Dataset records
________________________________________
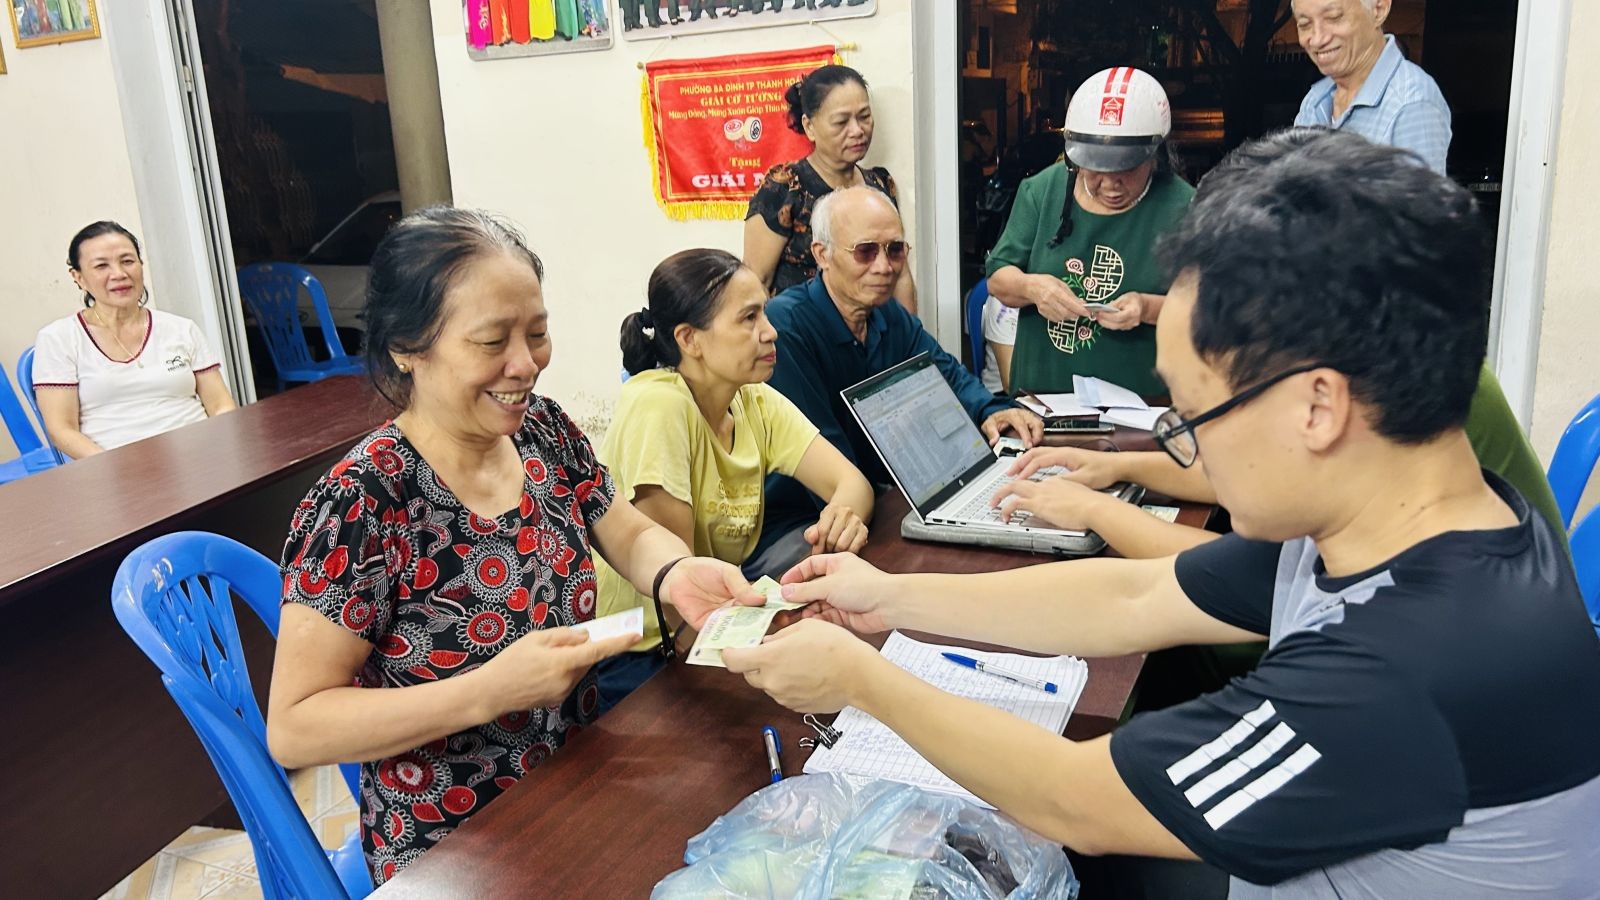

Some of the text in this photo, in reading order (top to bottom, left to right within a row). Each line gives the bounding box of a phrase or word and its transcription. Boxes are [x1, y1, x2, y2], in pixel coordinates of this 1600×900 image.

[746, 81, 754, 90] TP
[756, 78, 783, 89] THANH
[700, 94, 724, 106] GIẢI
[729, 156, 761, 169] Tặng
[692, 171, 746, 188] GIẢI
________________________________________
What needs to be done
Output each line above exactly. Skip the images.

Solution for this task
Some of the text in this photo, in reading order (top to bottom, left to right within a row). Each line gives the bounding box of a phrase or word and its transcription. Boxes are [x1, y1, x2, y2], in pixel coordinates of this 1600×900 image.

[746, 81, 754, 90] TP
[756, 78, 783, 89] THANH
[700, 94, 724, 106] GIẢI
[729, 156, 761, 169] Tặng
[692, 171, 746, 188] GIẢI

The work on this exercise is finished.